Richie says, “This is America, my friend. A garage this size—we should’ve filled a U-haul by now.”

A flashlight beam stabs through the window. Shadows chase each other across the door and roof. Quiet, like an otter into a river, I slide down to the floor space behind the backseat and curl into a ball. Cassie mews in protest. Her tiny claws rake against my ankles. I resist the urge to bury my head in the sleeping bag. I need to hear what they’re saying.

Hacker says, “I done the Navigator already. I’m positive there ain’t no gun.”

Richie says, “And I’ve got information
con
-tradicting that statement.”

The Navigator! A gun! My brain races—where?

Hacker says, “Like what?”

Richie says, “The lady that owns the Navigator needed asthma spray for her boy. She compensated Mr. Hendricks by telling him about a gun her husband stashes in the car.”

“Where’s it at?”

“In a safe under the driver’s seat.”

I picture the black metal box just two rows away from my head.

“A safe, huh? She give you the combination?”

“It needs a key. Says he hides a spare somewhere up front.”

“What if her information is wrong?”

“There’s gonna be an instant shortage of asthma medication.”

They laugh. Hacker goes into another coughing spasm. He’s so close I smell the smoke from his cigarette. He spits—it thuds like a meatball hitting the car. A flashlight beam scans the inside of the SUV. I duck my head into the sleeping bag but leave enough of a hole so I can hear. I’m hoping all they see is a pile of rags. The handle lifts on the front passenger door. It opens.

Richie says, “You broke this window, right?”

“Third day. Gotta love bustin’ up a Navigator.”

“You wipe the glass off the seat?”

“Why would I do that?”

“Well, it’s all on the floor now.”

The door slams closed.

I nudge Cassie with my foot. She moves, just barely.

Footsteps crunching toward the back. The rear passenger door opens.

Richie says, “You see all this crap? Comic books, a pile of clothes, looks like a sleeping bag on the floor?”

“Man, I boosted so many cars I don’t remember.”

“What do you remember?”

“A kitten in a cage.”

“A what?”

“A kitten in back. Scrawny little thing. Smelled like pee.”

“You left it?”

“I’m allergic to cats.”

Richie says, “That’s gen-u-ine sick, my friend. And you say I’m the mean one?”

The door slams shut. More footsteps. Now Richie says, “There’s a cage but no kitten. If I didn’t know better I’d say someone has built a little nest.”

Richie grunts. I figure he’s squeezing through the space between the SUV and the car it smashed into. Footsteps on my side of the car now. They move all the way to the driver’s door and stop.

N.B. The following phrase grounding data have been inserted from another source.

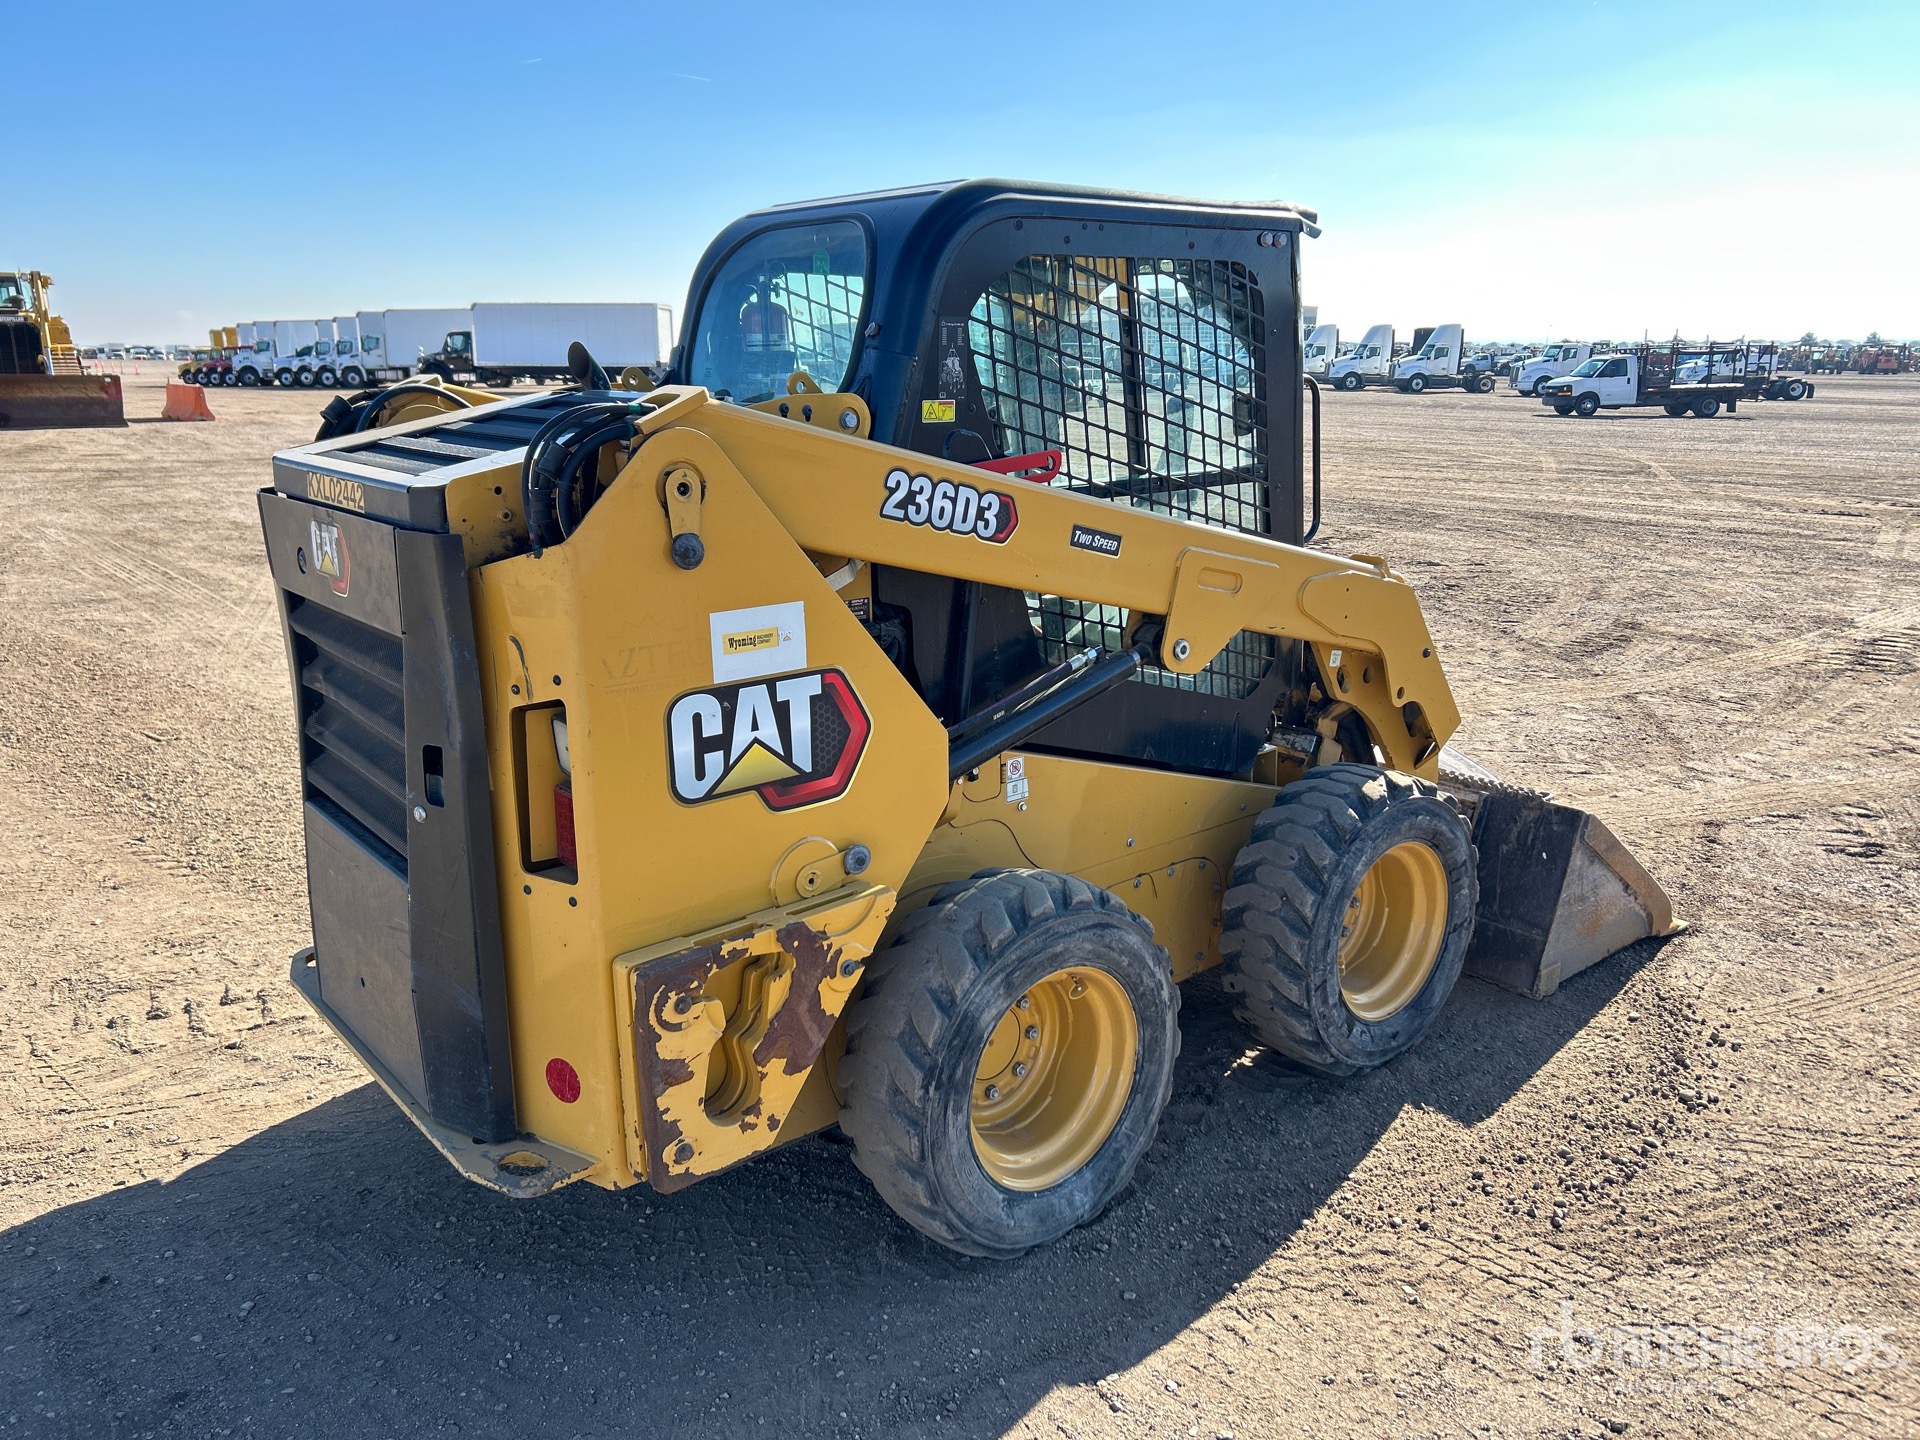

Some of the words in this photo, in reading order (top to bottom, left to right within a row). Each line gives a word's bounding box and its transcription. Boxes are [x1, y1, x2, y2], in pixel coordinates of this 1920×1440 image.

[308, 471, 364, 510] KXL02442
[882, 470, 1000, 538] 236D3
[310, 519, 339, 577] CAT
[728, 635, 757, 650] Wyoming
[671, 673, 822, 800] CAT

There’s another sound. A voice yelling in the distance.

Richie says, “What’s he want?”

“He says the water’s off.”

“How’s that my problem?”

“Don’t know. But he wants us
now
.”

Richie says, “Yeah, well, I’m busy.”

The driver’s door opens. The SUV drops an inch. My heart pounds so hard my head hurts. My lungs are screaming for air, which makes me wonder about Cassie. If I can
barely breathe, what about her? I want to poke her with my toe, but I don’t. Richie, his voice at floor level, says, “Bingo!” The SUV shakes. Shakes again, harder. Richie swears. He yells, “It’s locked!”

“Can you take the safe?”

“No. It’s welded to the floor.” A pause. I hear the click of his knife. Just that one sound makes my stomach clench like a fist. He says, “You going to stand there like an idiot, or help me find a key?”

The passenger door opens. They start tossing things around. The noise is like a hurricane. CD cases snapping, carpet ripping, coins dumped to the floor.

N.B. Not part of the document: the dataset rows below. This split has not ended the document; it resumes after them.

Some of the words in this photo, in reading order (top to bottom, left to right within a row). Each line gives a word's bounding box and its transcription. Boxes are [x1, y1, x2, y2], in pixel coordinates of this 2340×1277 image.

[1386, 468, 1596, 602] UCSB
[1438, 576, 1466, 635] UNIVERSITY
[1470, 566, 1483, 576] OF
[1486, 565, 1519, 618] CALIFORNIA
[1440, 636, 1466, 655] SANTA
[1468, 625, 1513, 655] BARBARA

Then Hacker says, “Hey! What the—”

There’s a thud. He groans. I think he hit ground.

A new voice, deep, like rumbling thunder, says, “Go back to the hotel.”

That can be only one person.

Black Beard.

The SUV rises. Richie says, “What’s got your panties all in a bunch?”

Black Beard says, “Mr. Hendricks wants the men and women separated.”

“That a fact? Who goes where?”

“Men go to the tenth floor.”

Richie says, “Divide and conquer. So much for one big happy family.”

Silence.

“Do I get to super-vise the ladies?”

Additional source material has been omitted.